Le indagini, dirette dal procuratore aggiunto Sebastiano Ardita e dai pm Camillo Falvo, Fabrizio Monaco ed Antonio Carchietti, hanno fatto emergere l’esistenza di un sistema grazie al quale venivano gonfiati i prezzi delle prestazioni di servizio o degli acquisti di beni necessari per l’attività degli enti. In particolare gli inquirenti hanno accertato prestazioni totalmente simulate e sovrafatturazione delle spese di gestione. Grazie a questi artifici, i rappresentanti legali dei centri di formazione, attraverso la compiacenza dei titolari di alcune società con i quali erano legati da vincoli di parentela o di fiducia, riuscivano – secondo gli inquirenti – a documentare spese a prezzi notevolmente superiori a quelli di mercato. I centri in questione, che hanno come scopo l’organizzazione – senza fini di lucro – di corsi formativi, avrebbero così ottenuto finanziamenti per importi di gran lunga superiori ai costi effettivamente sostenuti. Accuse confermate dalla sentenza di oggi.
Già nel marzo 2014 la Procura di Messina aveva chiesto l’arresto di Genovese. Due mesi dopo la Camera, al termine di furiose polemiche politiche, ha autorizzato la richiesta di arresto nei confronti di Genovese che si costituisce la sera stesso. Poi passerà ai domiciliari.
Sia Genovese – che era stato anche segretario regionale del Pd – che Rinaldi poi, circa un anno e mezzo fa hanno deciso di passare a Forza Italia. La condanna, adesso, comporterà quasi certamente, sulla base della legge Severino, la sospensione di Rinaldi dalla carica di deputato regionale. Portando così fuori da Sala d’Ercole quello che era stato il “signore” delle preferenze, con oltre diciottomila voti.

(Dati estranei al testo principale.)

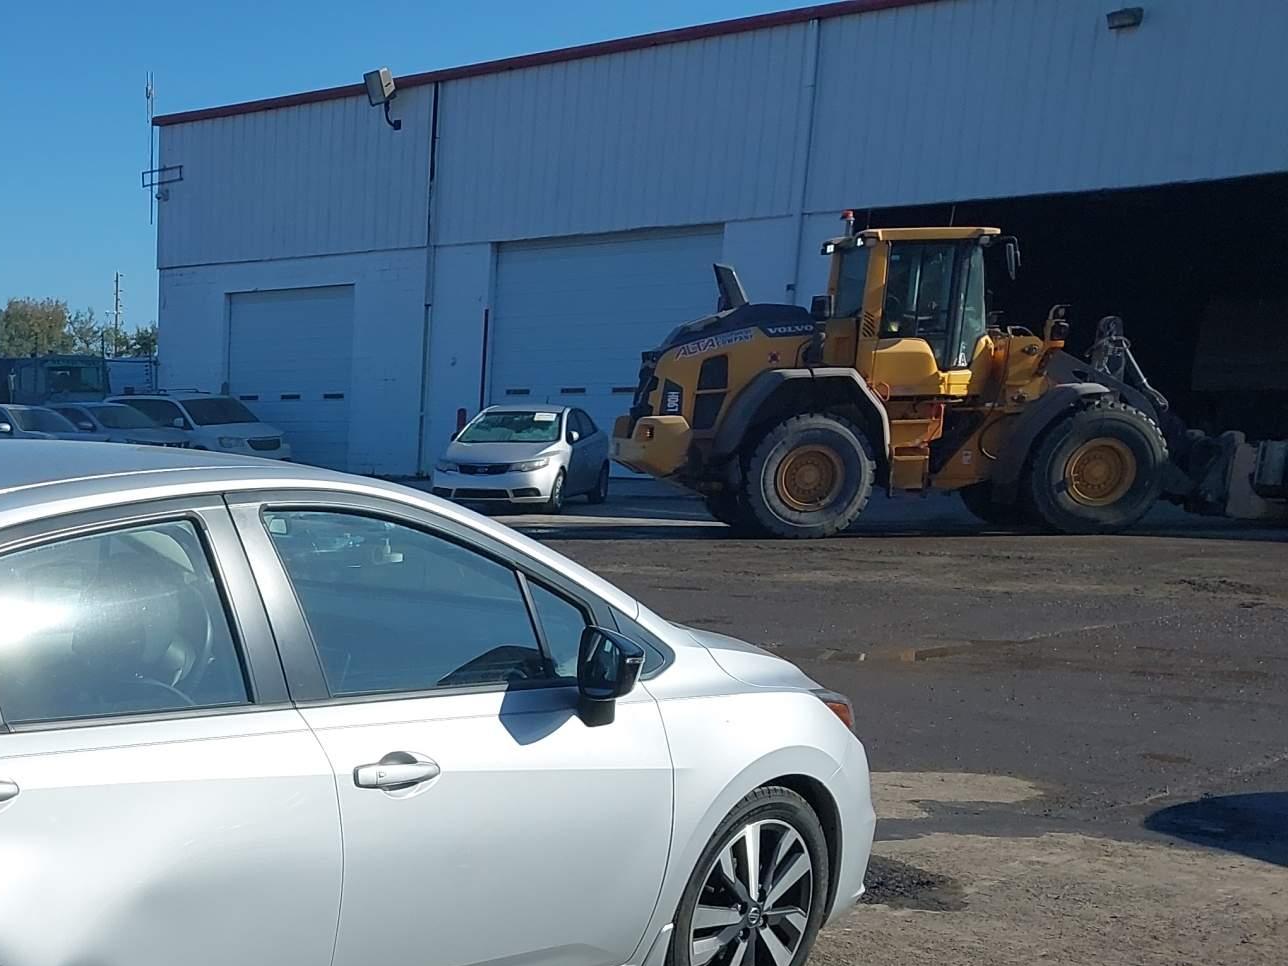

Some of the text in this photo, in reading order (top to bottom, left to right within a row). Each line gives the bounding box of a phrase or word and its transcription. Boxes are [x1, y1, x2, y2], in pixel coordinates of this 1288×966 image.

[768, 325, 814, 334] VOLVO
[675, 336, 716, 359] ALTA
[667, 391, 680, 412] L90H

Il posto di Rinaldi potrebbe essere preso dal primo dei non eletti nel Collegio di Messina, che è un volto noto sia di Palazzo dei Normanni che del sottogoverno di Rosario Crocetta. Si tratta di Francesco Calanna, da circa tre anni “commissario straordinario” dell’Ente per lo sviluppo agricolo (Esa) e destinatario ormai di una dozzina di proroghe o rinnovi del contratto da parte della giunta di governo. Calanna, candidato con le liste del Pd, è stato anche un animatore del Megafono, il movimento del governatore Crocetta ed è politicamente molto vicino al senatore Giuseppe Lumia.
L’avvocato di Rinaldi: “Non decade”
“Al momento non ci sono i presupposti per la sospensione del deputato regionale di Forza Italia Franco Rinaldi”. L’ha detto l’avvocato Nino Favazzo, legale di Rinaldi, cognato del deputato nazionale di FI Francantonio Genovese (al quale è stata inflitta una pena di 11 anni), ieri condannato dal tribunale di Messina a 2 anni e 6 mesi nel processo sui cosiddetti ‘corsi d’oro’. “La sospensione secondo la legge Severino c’è – prosegue Favazzo – ma solo se esistono alcuni presupposti. Nel caso di Rinaldi, e in riferimento al suo ruolo di deputato regionale, questi presupposti non ci sono. Il riferimento normativo è il decreto legislativo 235 del 2012”.